TLS configuration confusion

Hi I'm transition to use Traefik as my reverse proxy and have just literally read through all the documentation but I am so confused about TLS settings. For example you can set TLS settings in the static file transport configuration then in the https overview section then inrouters section and finally in entrypoints sections . Which is nice but what are the differences?

Let's assume I want TLS from client to traefik and then mTLS from traefik to all services.

For the TLS connection from the client to traefik I would use the entrypoint TLS config. But then it also needs to be defined in the routers section as well? If a router is configured to use an entrypoint that has TLS defined does it need to be ddefined in the router section as well. If seperate routers have to be defined for http and then https endpoints then why is TLS defined in both the entrypoint and the router section. Do I just choose if I want TLS configured on entrypoint or router?

Then let's say I want a mTLS connection between traefik and all my services, I assume that I would add a Root CA certificate to the static server transport config and then traefik will generate it's own certificate and then I provide all my services with their own certificates right?

Am I understanding this correctly? I've spent way too much time trying to figure this out and i've given up and need help here, it's not very clear form the documentation.


You can enable TLS directly in entrypoint like websecure. Just TLS (:{} or =true) uses static certs which you need to load from a dynamic config file via provider.file in static config.

A LetsEncrypt certresolver also needs to be defined in static config, which you can assign in entrypoint.

Alternatively you can enable TLS or assign LetsEncrypt just on a dedicated router. Then the entrypoint would also accept non TLS connections, probably not best practice.

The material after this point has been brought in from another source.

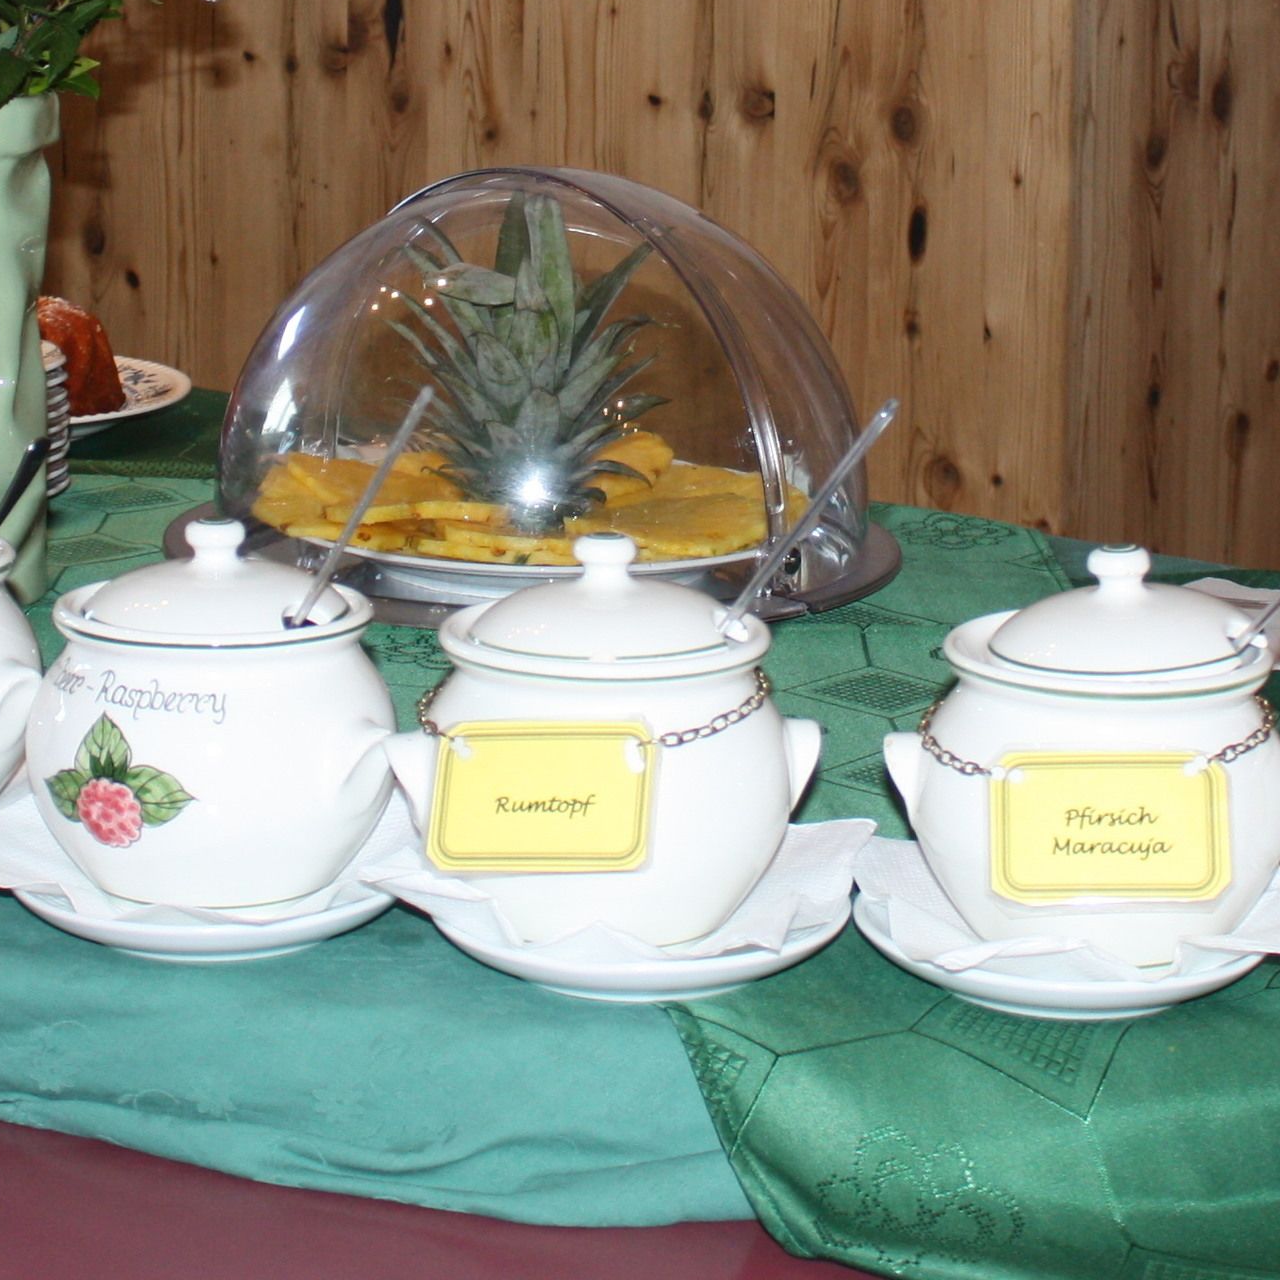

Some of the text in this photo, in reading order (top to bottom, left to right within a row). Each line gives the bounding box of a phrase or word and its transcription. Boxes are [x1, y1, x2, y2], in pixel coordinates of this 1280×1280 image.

[495, 793, 597, 820] Rumtopf
[1064, 805, 1160, 830] Pfirsich
[1051, 836, 1173, 861] Maracuja
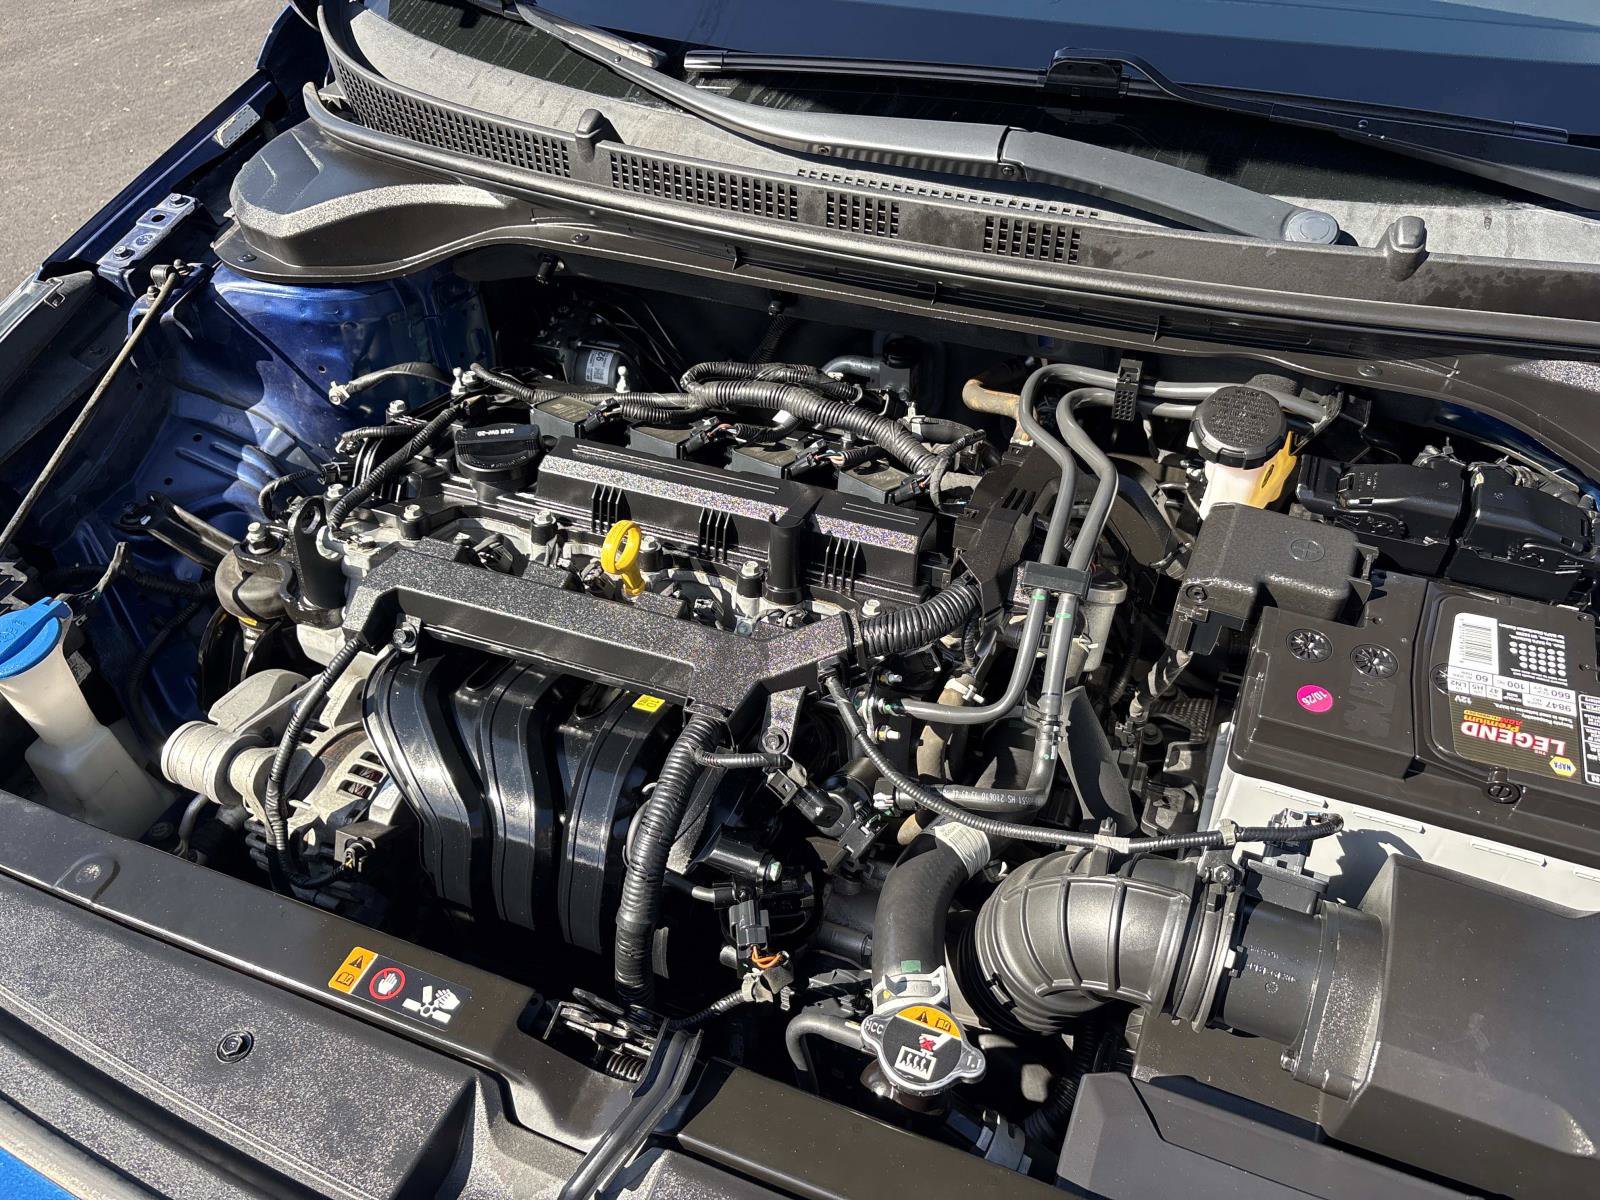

To enable TLS with your backend services, you need to define serverTransport. You can do this globally in static config.

Alternatively you can define a serverTransport in dynamic config which you then need to assign to a service.

But I agree as a user, Traefik configuration is complicated, especially when you are starting.

Thanks for your response however I still have a few more questions.

Lets say for Backend I define server transport in static config. Does that make it the default setting for all services? If so how would I exclude specific service from requiring mTLS? Or is it just defined there but then still needs to be explicitly called out /defined for every service?

Now for frontend, assuming I have multiple domains but they are provided certificates in different ways ( one uses a letsencrypt http challenge, another letsencrypt DNS challenge and yet other use a certificate and key I provide) does that mean I can only set TLS settings on routes? Or can I break the entrypoint into someting like this and then not worry about setting tls in routes:

  options: foobar
  certResolver: leresolverA
    - main:
  certResolver: leresolverB
    - main:

Is there a difference between setting TLS on entrypoints vs routes? The documentation is great but I feel like it leaves some crucial pieces of info out.

If you define serverTransport in static config, it should be used for all internal requests to services. If you only want to use it on dedicated services, you need to define it in dynamic config and assign it to the services.

You can mix and match custom TLS with LetsEncrypt. As far as I know you can just enable TLS and LE and it will use existing certs and fallback to LE to create certs.

You can create multiple LE resolvers and assign them to individual routers, just check the correct format, your example seems wrong.